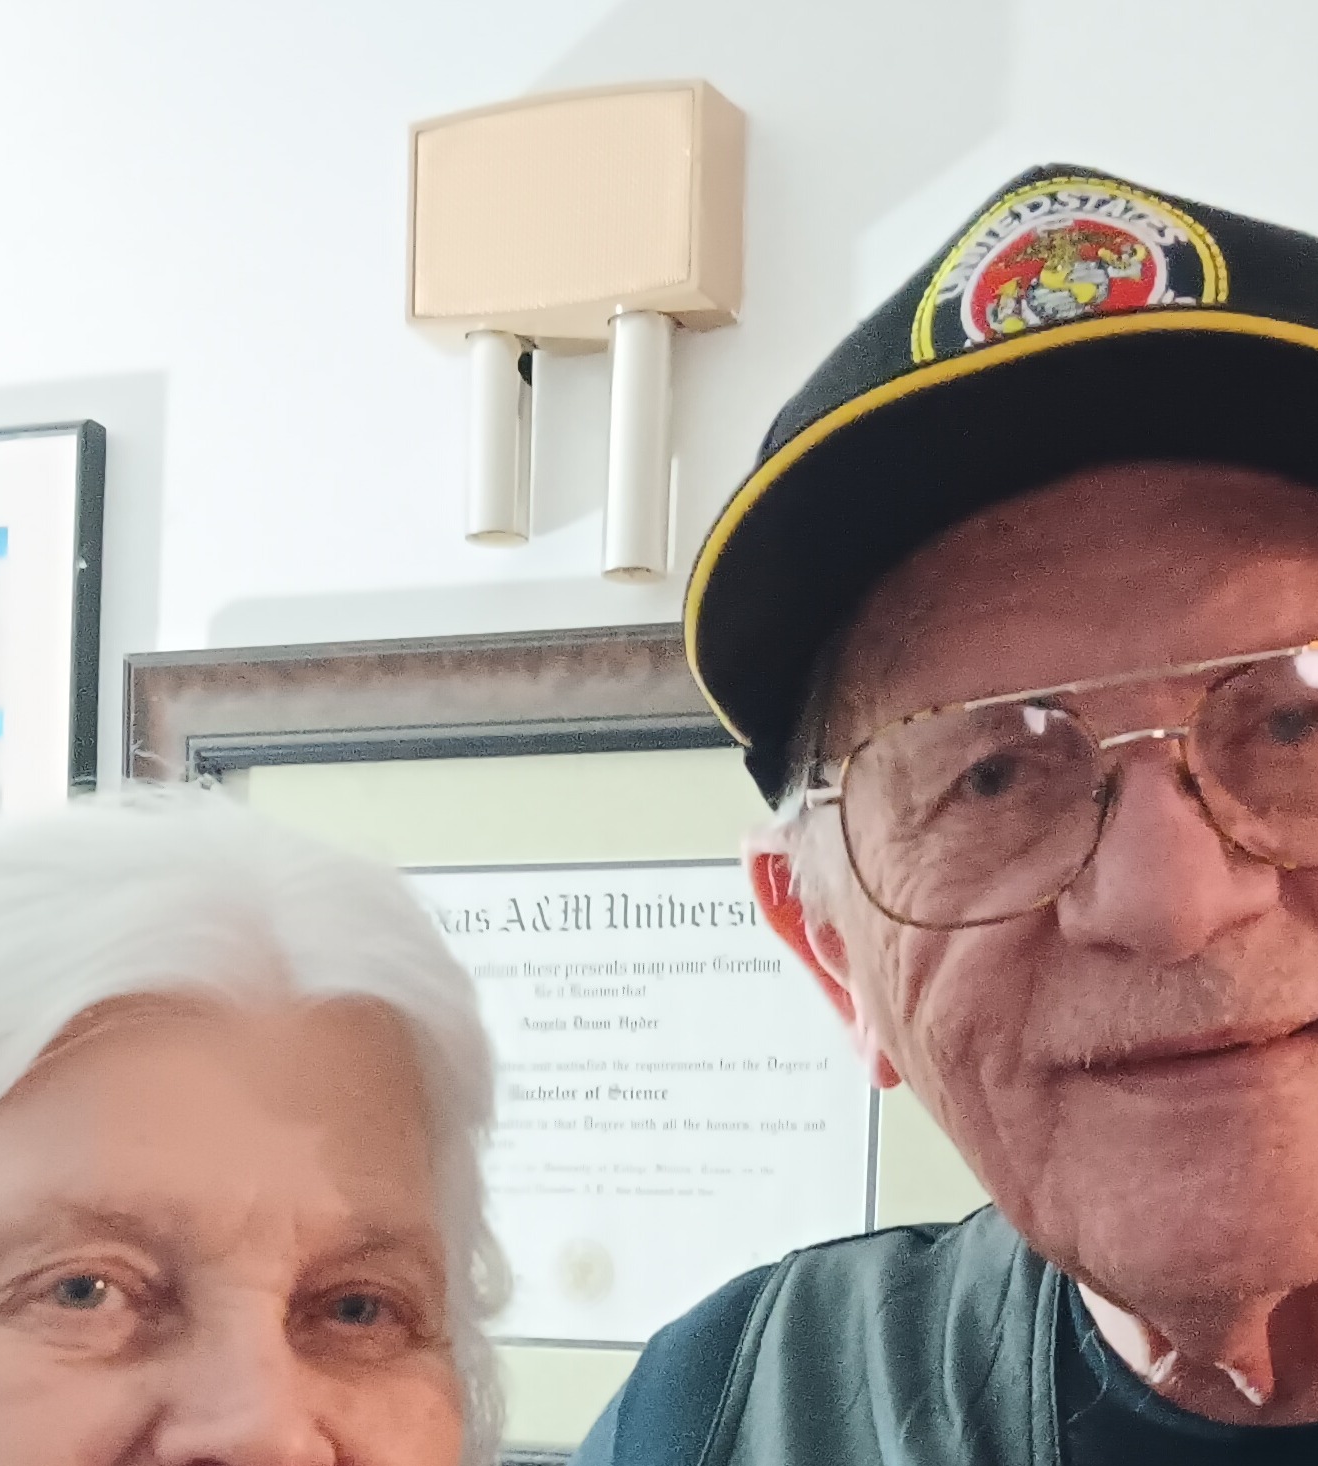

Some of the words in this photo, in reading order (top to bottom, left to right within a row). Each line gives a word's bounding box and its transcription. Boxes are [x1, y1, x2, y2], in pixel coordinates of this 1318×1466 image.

[498, 894, 591, 933] A&M
[604, 893, 756, 929] Universi
[565, 959, 627, 980] presents
[612, 1059, 629, 1073] the
[635, 1059, 714, 1075] requirements
[742, 1057, 761, 1073] the
[585, 1084, 602, 1101] of
[607, 1082, 670, 1101] Science
[682, 1118, 701, 1131] the

....................

TASK PROMPT →
Only the pictures are dropped when you print the material; everything else is copied exactly.

RESPONSE AREA →
Some of the words in this photo, in reading order (top to bottom, left to right within a row). Each line gives a word's bounding box and its transcription. Boxes are [x1, y1, x2, y2], in pixel coordinates of this 1318×1466 image.

[498, 894, 591, 933] A&M
[604, 893, 756, 929] Universi
[565, 959, 627, 980] presents
[612, 1059, 629, 1073] the
[635, 1059, 714, 1075] requirements
[742, 1057, 761, 1073] the
[585, 1084, 602, 1101] of
[607, 1082, 670, 1101] Science
[682, 1118, 701, 1131] the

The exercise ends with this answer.